▶ Required action:
When you retype the data, keep every line exactly as it appears.

▶ Supplied information:

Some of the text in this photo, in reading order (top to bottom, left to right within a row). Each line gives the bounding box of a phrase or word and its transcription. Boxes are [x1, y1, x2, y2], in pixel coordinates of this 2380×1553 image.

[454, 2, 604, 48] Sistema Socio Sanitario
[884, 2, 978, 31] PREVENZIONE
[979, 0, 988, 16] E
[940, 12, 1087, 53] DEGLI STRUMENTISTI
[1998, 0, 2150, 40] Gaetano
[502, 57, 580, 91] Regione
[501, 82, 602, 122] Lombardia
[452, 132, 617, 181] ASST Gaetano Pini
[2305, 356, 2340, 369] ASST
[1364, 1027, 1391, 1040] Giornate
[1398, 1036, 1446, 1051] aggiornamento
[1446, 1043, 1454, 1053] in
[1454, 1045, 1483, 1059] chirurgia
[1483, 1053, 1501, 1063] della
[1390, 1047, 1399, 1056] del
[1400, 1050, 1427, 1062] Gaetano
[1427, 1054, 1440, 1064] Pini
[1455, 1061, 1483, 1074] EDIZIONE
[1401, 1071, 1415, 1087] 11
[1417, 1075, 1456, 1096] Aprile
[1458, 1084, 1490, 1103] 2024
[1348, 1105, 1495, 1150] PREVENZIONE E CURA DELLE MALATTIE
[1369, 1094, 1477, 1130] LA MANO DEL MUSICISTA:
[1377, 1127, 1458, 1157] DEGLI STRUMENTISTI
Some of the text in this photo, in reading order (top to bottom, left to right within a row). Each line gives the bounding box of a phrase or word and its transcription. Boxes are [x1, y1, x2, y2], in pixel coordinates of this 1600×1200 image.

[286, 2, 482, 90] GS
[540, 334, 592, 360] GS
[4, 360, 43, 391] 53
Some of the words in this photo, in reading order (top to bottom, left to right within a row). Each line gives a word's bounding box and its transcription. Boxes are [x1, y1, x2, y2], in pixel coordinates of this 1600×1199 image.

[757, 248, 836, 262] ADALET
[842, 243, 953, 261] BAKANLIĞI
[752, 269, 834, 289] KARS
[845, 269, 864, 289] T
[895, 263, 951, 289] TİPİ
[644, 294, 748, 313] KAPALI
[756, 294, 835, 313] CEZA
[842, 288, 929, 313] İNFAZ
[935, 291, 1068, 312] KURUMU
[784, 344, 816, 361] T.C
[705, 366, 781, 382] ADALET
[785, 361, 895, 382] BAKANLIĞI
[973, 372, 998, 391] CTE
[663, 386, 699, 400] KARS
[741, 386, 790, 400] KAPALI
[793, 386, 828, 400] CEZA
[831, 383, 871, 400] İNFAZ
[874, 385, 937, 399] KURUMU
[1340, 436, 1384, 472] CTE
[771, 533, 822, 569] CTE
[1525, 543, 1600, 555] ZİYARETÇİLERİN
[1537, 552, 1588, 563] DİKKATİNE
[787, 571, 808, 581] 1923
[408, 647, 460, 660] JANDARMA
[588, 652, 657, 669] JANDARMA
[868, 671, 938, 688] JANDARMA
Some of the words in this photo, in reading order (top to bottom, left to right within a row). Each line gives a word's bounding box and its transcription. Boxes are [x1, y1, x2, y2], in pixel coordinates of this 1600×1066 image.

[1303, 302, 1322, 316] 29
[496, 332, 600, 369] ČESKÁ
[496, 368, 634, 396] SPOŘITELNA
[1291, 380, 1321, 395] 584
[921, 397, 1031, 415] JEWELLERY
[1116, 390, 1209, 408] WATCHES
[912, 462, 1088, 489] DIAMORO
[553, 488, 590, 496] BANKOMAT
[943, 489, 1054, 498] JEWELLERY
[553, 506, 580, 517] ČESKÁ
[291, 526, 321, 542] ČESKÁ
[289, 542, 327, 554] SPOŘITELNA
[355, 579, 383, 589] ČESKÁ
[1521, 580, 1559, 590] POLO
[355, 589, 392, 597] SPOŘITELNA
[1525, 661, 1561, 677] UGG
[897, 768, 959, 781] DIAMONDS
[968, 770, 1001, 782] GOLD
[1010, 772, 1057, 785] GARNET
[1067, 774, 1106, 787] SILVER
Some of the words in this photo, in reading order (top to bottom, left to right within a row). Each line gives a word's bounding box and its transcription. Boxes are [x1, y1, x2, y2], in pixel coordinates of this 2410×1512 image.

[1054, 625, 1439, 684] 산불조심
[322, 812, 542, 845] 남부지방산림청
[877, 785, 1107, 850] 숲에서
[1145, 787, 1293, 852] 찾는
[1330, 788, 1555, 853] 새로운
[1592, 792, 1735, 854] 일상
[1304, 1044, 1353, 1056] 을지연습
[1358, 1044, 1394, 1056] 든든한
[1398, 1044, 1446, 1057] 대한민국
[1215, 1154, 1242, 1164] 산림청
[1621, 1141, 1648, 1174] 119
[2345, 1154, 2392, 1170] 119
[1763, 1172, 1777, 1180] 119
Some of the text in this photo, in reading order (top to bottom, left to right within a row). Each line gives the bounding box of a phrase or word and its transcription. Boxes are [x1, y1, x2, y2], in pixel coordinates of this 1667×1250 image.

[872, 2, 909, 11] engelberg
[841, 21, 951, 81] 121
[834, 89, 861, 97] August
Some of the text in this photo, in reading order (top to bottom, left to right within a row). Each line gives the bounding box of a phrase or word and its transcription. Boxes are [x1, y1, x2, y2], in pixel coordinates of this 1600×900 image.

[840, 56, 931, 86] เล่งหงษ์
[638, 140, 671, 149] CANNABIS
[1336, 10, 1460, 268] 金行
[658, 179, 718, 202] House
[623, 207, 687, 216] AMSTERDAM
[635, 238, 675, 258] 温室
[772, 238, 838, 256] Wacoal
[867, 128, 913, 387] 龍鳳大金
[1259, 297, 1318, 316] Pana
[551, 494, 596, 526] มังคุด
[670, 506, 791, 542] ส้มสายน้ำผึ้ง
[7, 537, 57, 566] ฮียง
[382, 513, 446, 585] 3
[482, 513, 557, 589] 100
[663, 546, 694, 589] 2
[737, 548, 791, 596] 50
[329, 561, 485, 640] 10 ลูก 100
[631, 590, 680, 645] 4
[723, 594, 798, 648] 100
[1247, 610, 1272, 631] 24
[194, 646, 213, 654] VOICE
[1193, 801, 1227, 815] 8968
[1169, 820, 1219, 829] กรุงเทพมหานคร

▶ Your response:
Some of the text in this photo, in reading order (top to bottom, left to right within a row). Each line gives the bounding box of a phrase or word and its transcription. Boxes are [x1, y1, x2, y2], in pixel coordinates of this 2380×1553 image.

[454, 2, 604, 48] Sistema Socio Sanitario
[884, 2, 978, 31] PREVENZIONE
[979, 0, 988, 16] E
[940, 12, 1087, 53] DEGLI STRUMENTISTI
[1998, 0, 2150, 40] Gaetano
[502, 57, 580, 91] Regione
[501, 82, 602, 122] Lombardia
[452, 132, 617, 181] ASST Gaetano Pini
[2305, 356, 2340, 369] ASST
[1364, 1027, 1391, 1040] Giornate
[1398, 1036, 1446, 1051] aggiornamento
[1446, 1043, 1454, 1053] in
[1454, 1045, 1483, 1059] chirurgia
[1483, 1053, 1501, 1063] della
[1390, 1047, 1399, 1056] del
[1400, 1050, 1427, 1062] Gaetano
[1427, 1054, 1440, 1064] Pini
[1455, 1061, 1483, 1074] EDIZIONE
[1401, 1071, 1415, 1087] 11
[1417, 1075, 1456, 1096] Aprile
[1458, 1084, 1490, 1103] 2024
[1348, 1105, 1495, 1150] PREVENZIONE E CURA DELLE MALATTIE
[1369, 1094, 1477, 1130] LA MANO DEL MUSICISTA:
[1377, 1127, 1458, 1157] DEGLI STRUMENTISTI
Some of the text in this photo, in reading order (top to bottom, left to right within a row). Each line gives the bounding box of a phrase or word and its transcription. Boxes are [x1, y1, x2, y2], in pixel coordinates of this 1600×1200 image.

[286, 2, 482, 90] GS
[540, 334, 592, 360] GS
[4, 360, 43, 391] 53
Some of the words in this photo, in reading order (top to bottom, left to right within a row). Each line gives a word's bounding box and its transcription. Boxes are [x1, y1, x2, y2], in pixel coordinates of this 1600×1199 image.

[757, 248, 836, 262] ADALET
[842, 243, 953, 261] BAKANLIĞI
[752, 269, 834, 289] KARS
[845, 269, 864, 289] T
[895, 263, 951, 289] TİPİ
[644, 294, 748, 313] KAPALI
[756, 294, 835, 313] CEZA
[842, 288, 929, 313] İNFAZ
[935, 291, 1068, 312] KURUMU
[784, 344, 816, 361] T.C
[705, 366, 781, 382] ADALET
[785, 361, 895, 382] BAKANLIĞI
[973, 372, 998, 391] CTE
[663, 386, 699, 400] KARS
[741, 386, 790, 400] KAPALI
[793, 386, 828, 400] CEZA
[831, 383, 871, 400] İNFAZ
[874, 385, 937, 399] KURUMU
[1340, 436, 1384, 472] CTE
[771, 533, 822, 569] CTE
[1525, 543, 1600, 555] ZİYARETÇİLERİN
[1537, 552, 1588, 563] DİKKATİNE
[787, 571, 808, 581] 1923
[408, 647, 460, 660] JANDARMA
[588, 652, 657, 669] JANDARMA
[868, 671, 938, 688] JANDARMA
Some of the words in this photo, in reading order (top to bottom, left to right within a row). Each line gives a word's bounding box and its transcription. Boxes are [x1, y1, x2, y2], in pixel coordinates of this 1600×1066 image.

[1303, 302, 1322, 316] 29
[496, 332, 600, 369] ČESKÁ
[496, 368, 634, 396] SPOŘITELNA
[1291, 380, 1321, 395] 584
[921, 397, 1031, 415] JEWELLERY
[1116, 390, 1209, 408] WATCHES
[912, 462, 1088, 489] DIAMORO
[553, 488, 590, 496] BANKOMAT
[943, 489, 1054, 498] JEWELLERY
[553, 506, 580, 517] ČESKÁ
[291, 526, 321, 542] ČESKÁ
[289, 542, 327, 554] SPOŘITELNA
[355, 579, 383, 589] ČESKÁ
[1521, 580, 1559, 590] POLO
[355, 589, 392, 597] SPOŘITELNA
[1525, 661, 1561, 677] UGG
[897, 768, 959, 781] DIAMONDS
[968, 770, 1001, 782] GOLD
[1010, 772, 1057, 785] GARNET
[1067, 774, 1106, 787] SILVER
Some of the words in this photo, in reading order (top to bottom, left to right within a row). Each line gives a word's bounding box and its transcription. Boxes are [x1, y1, x2, y2], in pixel coordinates of this 2410×1512 image.

[1054, 625, 1439, 684] 산불조심
[322, 812, 542, 845] 남부지방산림청
[877, 785, 1107, 850] 숲에서
[1145, 787, 1293, 852] 찾는
[1330, 788, 1555, 853] 새로운
[1592, 792, 1735, 854] 일상
[1304, 1044, 1353, 1056] 을지연습
[1358, 1044, 1394, 1056] 든든한
[1398, 1044, 1446, 1057] 대한민국
[1215, 1154, 1242, 1164] 산림청
[1621, 1141, 1648, 1174] 119
[2345, 1154, 2392, 1170] 119
[1763, 1172, 1777, 1180] 119
Some of the text in this photo, in reading order (top to bottom, left to right within a row). Each line gives the bounding box of a phrase or word and its transcription. Boxes are [x1, y1, x2, y2], in pixel coordinates of this 1667×1250 image.

[872, 2, 909, 11] engelberg
[841, 21, 951, 81] 121
[834, 89, 861, 97] August
Some of the text in this photo, in reading order (top to bottom, left to right within a row). Each line gives the bounding box of a phrase or word and its transcription. Boxes are [x1, y1, x2, y2], in pixel coordinates of this 1600×900 image.

[840, 56, 931, 86] เล่งหงษ์
[638, 140, 671, 149] CANNABIS
[1336, 10, 1460, 268] 金行
[658, 179, 718, 202] House
[623, 207, 687, 216] AMSTERDAM
[635, 238, 675, 258] 温室
[772, 238, 838, 256] Wacoal
[867, 128, 913, 387] 龍鳳大金
[1259, 297, 1318, 316] Pana
[551, 494, 596, 526] มังคุด
[670, 506, 791, 542] ส้มสายน้ำผึ้ง
[7, 537, 57, 566] ฮียง
[382, 513, 446, 585] 3
[482, 513, 557, 589] 100
[663, 546, 694, 589] 2
[737, 548, 791, 596] 50
[329, 561, 485, 640] 10 ลูก 100
[631, 590, 680, 645] 4
[723, 594, 798, 648] 100
[1247, 610, 1272, 631] 24
[194, 646, 213, 654] VOICE
[1193, 801, 1227, 815] 8968
[1169, 820, 1219, 829] กรุงเทพมหานคร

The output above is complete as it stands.